In this way the extremists were using those same civil rights—which were designed to protect the freedom of religion and the freedom of speech—against the hosting countries. French counterterrorism experts further realized that these women in the burqa and men in the beards who always shadowed the women were in fact the ones who were raising their kids in isolation, through strict home schooling, for example, and instilling in those children a deep hatred for the western countries in which they lived, waiting to carry out their terrorist plots. And unfortunately, it is likely that these kids will become the softest targets for the extremists who are working invisibly, from behind the scenes at many local mosques. But the saddest thing is that some of these kids, after being brainwashed and turned against the west, will then be pushed to the next level of joining extreme anti-America and anti-west organizations. From there, they will be pushed to the next level of taking trips to Afghanistan, Pakistan, Yemen and some other places, where they will be introduced to some Sheiks. Then they will be moved to the next and most extreme level of participating in military-style exercises and training. And the worst extremists among them will be the most likely to become the future members of "sleeper cells" here in America and Europe, where they will plot terror attacks against both military and civilian targets. Particularly these days, it seems that they are bent on hitting civilian targets the most.

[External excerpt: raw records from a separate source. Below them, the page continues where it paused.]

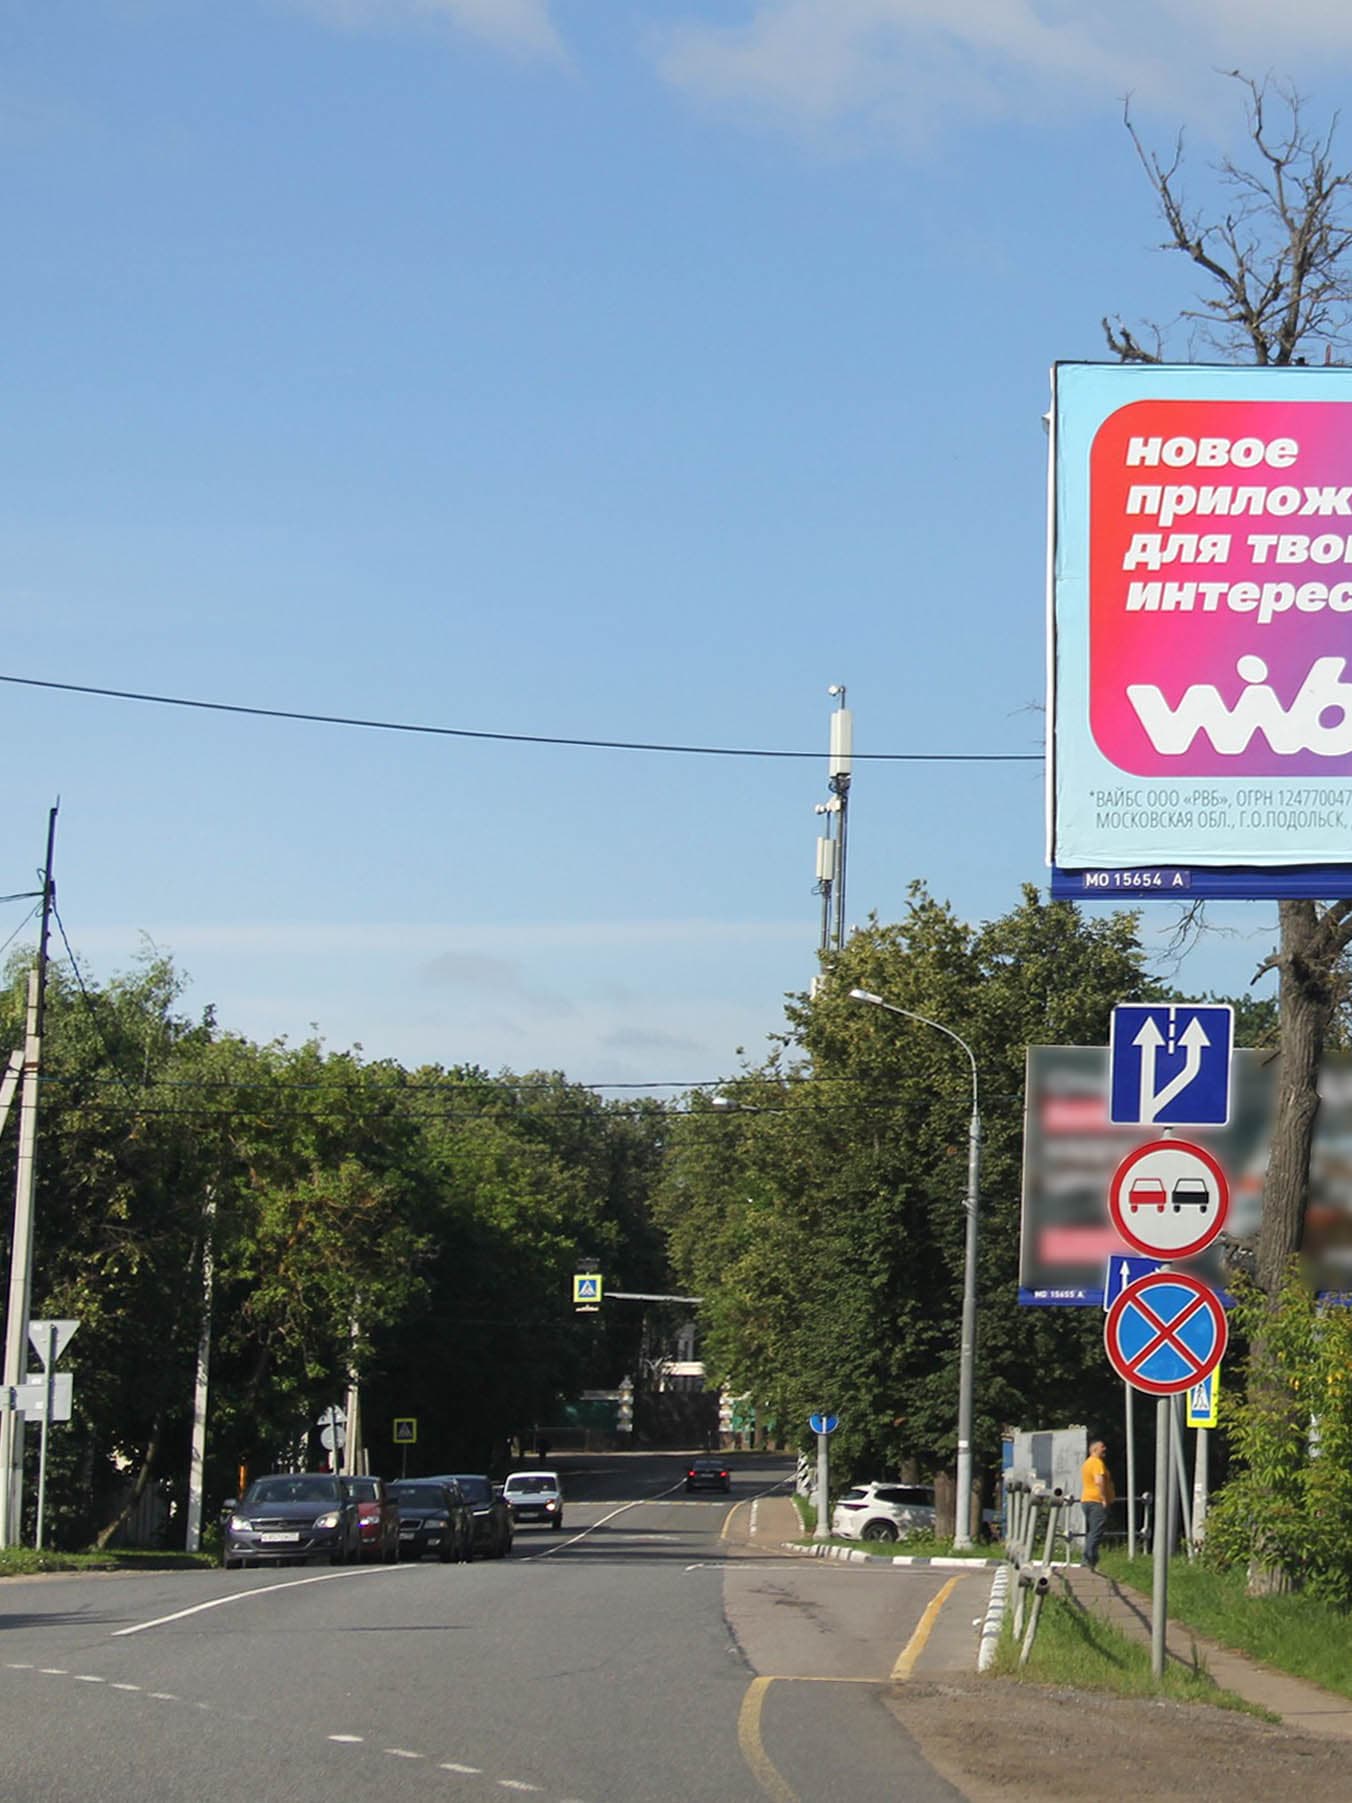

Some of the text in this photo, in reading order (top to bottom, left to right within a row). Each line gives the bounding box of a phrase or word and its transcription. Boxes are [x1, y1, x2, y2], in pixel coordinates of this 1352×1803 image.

[1125, 437, 1299, 467] новое
[1122, 534, 1231, 570] для
[1147, 790, 1180, 808] ООО
[1236, 790, 1273, 808] ОГРН
[1096, 811, 1193, 829] МОСКОВСКАЯ
[1198, 811, 1236, 830] ОБЛ.,
[1114, 872, 1162, 887] 15654

But the more important, and the most despicable thing about these extremists, who live among us in our communities, while trying to hide behind the burqa and the beard, is that they are not only forcing their own children to become radicalized, they are also doing it to other kids, whether at their own mosques or within the community at large. Through their own kids and their women they will push other kids and families to follow their terrible example. Islamic societies like the Pakistani, Afghani, Iraqi, Irani and so many others are closely connected. Some of these societies—even if they want to—do not have the resolve or the means to disconnect from the extremists who are around or among them, because they are afraid of becoming isolated. That fear makes them even more vulnerable to being manipulated and victimized by these extremists.
In order to win the war against terrorism, we need to take extremism very seriously. While we have spent over one trillion dollars in the last 10 years in Afghanistan and Iraq alone, and we did everything militarily that we possibly could, by contrast we did nothing, or close to nothing, to fight extremism. We will never succeed to win the war against terrorism without fighting and eradicating extremism. We need to concentrate on attacking the cause of the sickness—the disease, the germs—instead of attacking the sick.